目の前にある角からの香りが少し強くなった気がした。これはある種のフェロモンなのだろうか‥‥そうだとすると、この子の持つ独特の香水は獣人族にとって媚薬なのかもしれない、と。
「それでか」
酒場で熊が変に忠告したり、マスターがヒソヒソ教えてくれたり。現に今僕はミミが手放せなくなっている‥‥。僕は昔読んだ魔族の伝記を思い出していた。魔族の種類にも色々とあり、知的なのから暴力的なのや性的なのまでいると。もしかして、ミミはサキュバス系なのではないか‥‥?
それは訊きたくても訊けない質問だった。
仮にミミがサキュバス系魔族だとしても荒野に放置して行けるのだろうか?それは出来そうもなかった。ミミとの関係は、初めは保護欲のようなものだったが今は手放せない大事な何かになってしまっている。

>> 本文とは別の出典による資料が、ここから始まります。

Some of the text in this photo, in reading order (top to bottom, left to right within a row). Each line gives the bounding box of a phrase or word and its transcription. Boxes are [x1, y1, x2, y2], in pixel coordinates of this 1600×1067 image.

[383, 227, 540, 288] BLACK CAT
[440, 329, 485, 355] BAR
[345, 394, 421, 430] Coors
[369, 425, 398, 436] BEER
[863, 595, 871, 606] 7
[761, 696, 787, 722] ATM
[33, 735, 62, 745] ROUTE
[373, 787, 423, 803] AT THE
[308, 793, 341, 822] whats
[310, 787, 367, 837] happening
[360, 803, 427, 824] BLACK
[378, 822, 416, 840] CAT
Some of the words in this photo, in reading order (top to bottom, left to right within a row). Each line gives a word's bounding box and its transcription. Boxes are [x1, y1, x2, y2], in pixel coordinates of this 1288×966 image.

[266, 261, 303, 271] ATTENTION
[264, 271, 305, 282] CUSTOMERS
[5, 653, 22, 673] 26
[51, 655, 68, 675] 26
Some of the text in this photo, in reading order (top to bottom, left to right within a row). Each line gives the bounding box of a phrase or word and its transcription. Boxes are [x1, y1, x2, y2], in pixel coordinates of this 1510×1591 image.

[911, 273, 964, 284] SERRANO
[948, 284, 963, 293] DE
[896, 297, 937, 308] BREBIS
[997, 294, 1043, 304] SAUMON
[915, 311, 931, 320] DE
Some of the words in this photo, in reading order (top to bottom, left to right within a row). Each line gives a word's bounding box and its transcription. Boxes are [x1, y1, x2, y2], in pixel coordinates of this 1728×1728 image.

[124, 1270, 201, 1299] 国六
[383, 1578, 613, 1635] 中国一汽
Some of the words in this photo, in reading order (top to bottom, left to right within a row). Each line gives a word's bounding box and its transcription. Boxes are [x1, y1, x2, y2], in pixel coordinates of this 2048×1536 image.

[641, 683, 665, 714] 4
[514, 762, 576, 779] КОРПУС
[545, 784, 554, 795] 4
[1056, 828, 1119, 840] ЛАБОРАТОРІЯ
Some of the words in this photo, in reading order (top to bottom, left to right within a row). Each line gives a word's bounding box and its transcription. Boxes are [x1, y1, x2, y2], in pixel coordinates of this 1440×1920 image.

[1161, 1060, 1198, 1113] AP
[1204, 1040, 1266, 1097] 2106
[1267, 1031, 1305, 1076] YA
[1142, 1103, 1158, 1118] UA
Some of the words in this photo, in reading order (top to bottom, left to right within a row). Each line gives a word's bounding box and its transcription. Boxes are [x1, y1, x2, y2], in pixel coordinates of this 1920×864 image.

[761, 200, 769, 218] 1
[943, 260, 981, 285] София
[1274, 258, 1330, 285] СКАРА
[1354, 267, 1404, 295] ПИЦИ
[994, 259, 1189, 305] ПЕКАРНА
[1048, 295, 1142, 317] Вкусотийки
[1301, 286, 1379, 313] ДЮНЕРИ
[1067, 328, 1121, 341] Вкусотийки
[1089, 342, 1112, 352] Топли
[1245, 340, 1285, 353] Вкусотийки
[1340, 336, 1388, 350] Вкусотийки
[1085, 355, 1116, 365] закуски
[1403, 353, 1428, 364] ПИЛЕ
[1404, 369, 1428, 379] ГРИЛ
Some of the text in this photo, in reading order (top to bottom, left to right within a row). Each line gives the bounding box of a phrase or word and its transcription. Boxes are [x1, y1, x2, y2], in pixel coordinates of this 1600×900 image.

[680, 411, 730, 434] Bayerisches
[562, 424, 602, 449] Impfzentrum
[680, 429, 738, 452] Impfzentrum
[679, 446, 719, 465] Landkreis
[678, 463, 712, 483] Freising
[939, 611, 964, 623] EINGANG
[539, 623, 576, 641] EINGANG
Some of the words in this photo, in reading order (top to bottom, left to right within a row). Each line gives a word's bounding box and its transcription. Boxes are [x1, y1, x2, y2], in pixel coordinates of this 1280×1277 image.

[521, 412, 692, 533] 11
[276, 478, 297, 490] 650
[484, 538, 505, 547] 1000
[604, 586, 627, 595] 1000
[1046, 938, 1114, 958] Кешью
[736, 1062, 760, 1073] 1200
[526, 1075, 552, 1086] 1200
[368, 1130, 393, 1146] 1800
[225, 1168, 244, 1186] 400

それが性的なものではないとは言い切れないのが自分でも悩ましかった。
こんな事で少しでも悩んでいるのをアリーに見られたらどうなるのか‥‥多分絶対に許してくれないだろうし、絶交されるかもしれない。いや、アリーは優しいからきっと許してくれるだろう、侮蔑の目で僕を見つつ‥‥。
「ふぅ‥‥」
ダメだ、どんどん悪いほうに妄想が膨らんでいく。このままではいけない方向に突っ走っていってしまうかもしれない‥‥。何か、手はないだろうか? そうだ!
「ミミ、お願いがあるんだけど聞いてくれるかな?」
「え~、いいよ」
「ミミの角は少し‥‥危険なので帽子を被って欲しい」
「いいよ」
良かった、凄く素直に聞いてくれている。
いや、いくらなんでも理由も訊きもせず素直すぎやしないだろうか?まぁでも一応それで安心なのだから‥‥。
・・・・・・・・・・・・・・・・・・・・・・・・・・・・・・・
僕らは次の町に寄った時にミミの服を新調するのと併せて帽子を買った。
服と言っても冒険者らしい皮の服で、女の子らしさは一気に消し飛んでしまう。そして厚皮の帽子を被ると完璧にホルモンの香りはしなくなった。初めは物々しい格好に抵抗があったようだけど、暫くすると男達が寄ってこないというメリットを理解して喜んだ。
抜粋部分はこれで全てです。